米・小学校乱射 今度こそ銃規制の実現を
銃社会の罪深さを、あらためて見せつけられた事件である。米東部コネティカット州の小学校に20歳の男が侵入し、教室で銃を乱射して6~7歳の子ども20人を含む26人を次々と殺害した。
容疑者の男はライフル銃など3丁を犯行に使い、校舎内で自殺し遺体で見つかった。自宅で母親を射殺した後、小学校に向かったとみられ、女性校長は乱射を止めようと男に突進し、27歳の女性教員は子どもたちを別の場所に隠そうとした際に、それぞれ殺害されたという。
本人、母親ともに死亡し、動機の解明は困難が予想される。一方で、クリスマスを前に多数の幼い子どもが犠牲となった惨劇は米国社会を震え上がらせ、全米にかつてない衝撃が広がっている。
「行動を起こす」と表明していたオバマ大統領は「銃規制こそ政権の中心課題だ」と述べ、政権としての規制案を練る特別チームを設ける方針を示した。
米国は過去、銃による事件が起きるたびに銃規制の話が持ち上がっては尻すぼみになってきた。今度こそ、実効性ある法規制の実現を目指すべきである。
確かに合衆国憲法修正第2条は「国民が武器を保有する権利を侵してはならない」と明記し、米国の独立・開拓時代以来の建国精神が脈打っている。「銃に罪はない」と唱え、銃規制に反対する全米ライフル協会(NRA)が米国で有力な政治圧力団体として存在し続けるのも、こんな歴史と憲法があるからだ。
だが、「銃を持つ権利」を認める憲法も、社会の安全を確保するのに必要な銃規制まで禁ずるものではあるまい。
実は1990年代のクリントン政権時代、殺傷能力の高い銃の製造・販売を禁止する法律が制定された。
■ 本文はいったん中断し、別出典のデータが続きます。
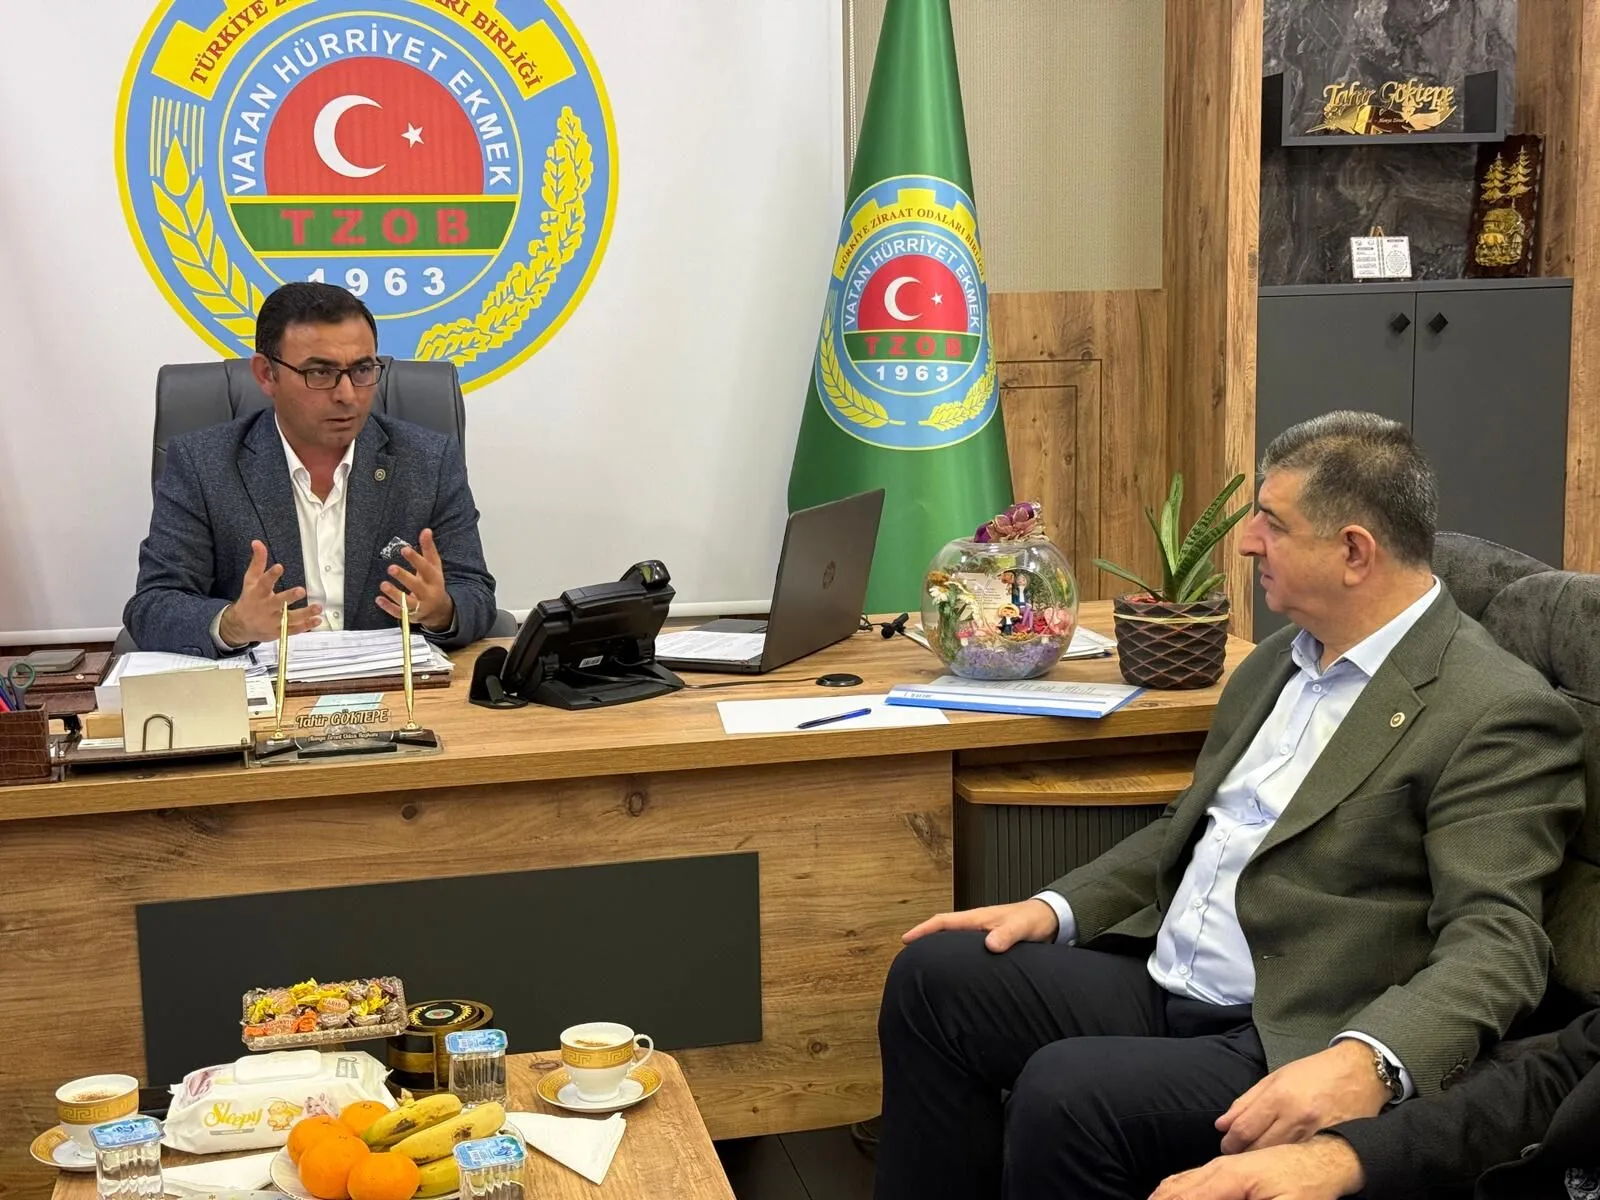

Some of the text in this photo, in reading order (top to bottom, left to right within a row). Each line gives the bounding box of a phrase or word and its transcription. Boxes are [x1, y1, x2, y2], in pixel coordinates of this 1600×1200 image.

しかし、10年間の時限立法で、ブッシュ政権時代の2004年に失効した。以後、銃規制論議は一向に盛り上がらず、今年の大統領選でも大きな争点にはならなかった。
それでも「銃による悲劇は、もう耐えがたい」(オバマ大統領)のが米国民の率直な心情だと理解したい。大統領は現在、失効している殺傷能力の高い銃への規制法復活などを検討しているという。議会でも法案を策定する動きが表面化している。この機を逸してはならない。
日本で銃器犯罪の根絶に取り組む福岡市の砂田向壱(こういち)さんは94年、長男=当時(22)=が留学中のニューヨークで強盗に遭い、射殺された。その2年前には名古屋市の服部剛丈(よしひろ)君=当時(16)=が、留学していたルイジアナ州で射殺されている。今回の小学校には日本人の子どもも通っていたが危うく難を逃れていた。
米国の銃器事件と銃規制の行方は、日本人も決して無縁ではないのだ。
私たちから見れば、誰でも簡単に銃を入手できる社会はやはり異常である。容疑者の母親は銃器マニアで、合法的に所持していたという。そこが問題なのだ。銃がなければ惨事は防げた。米国民は、そのことを思い起こしてもらいたい。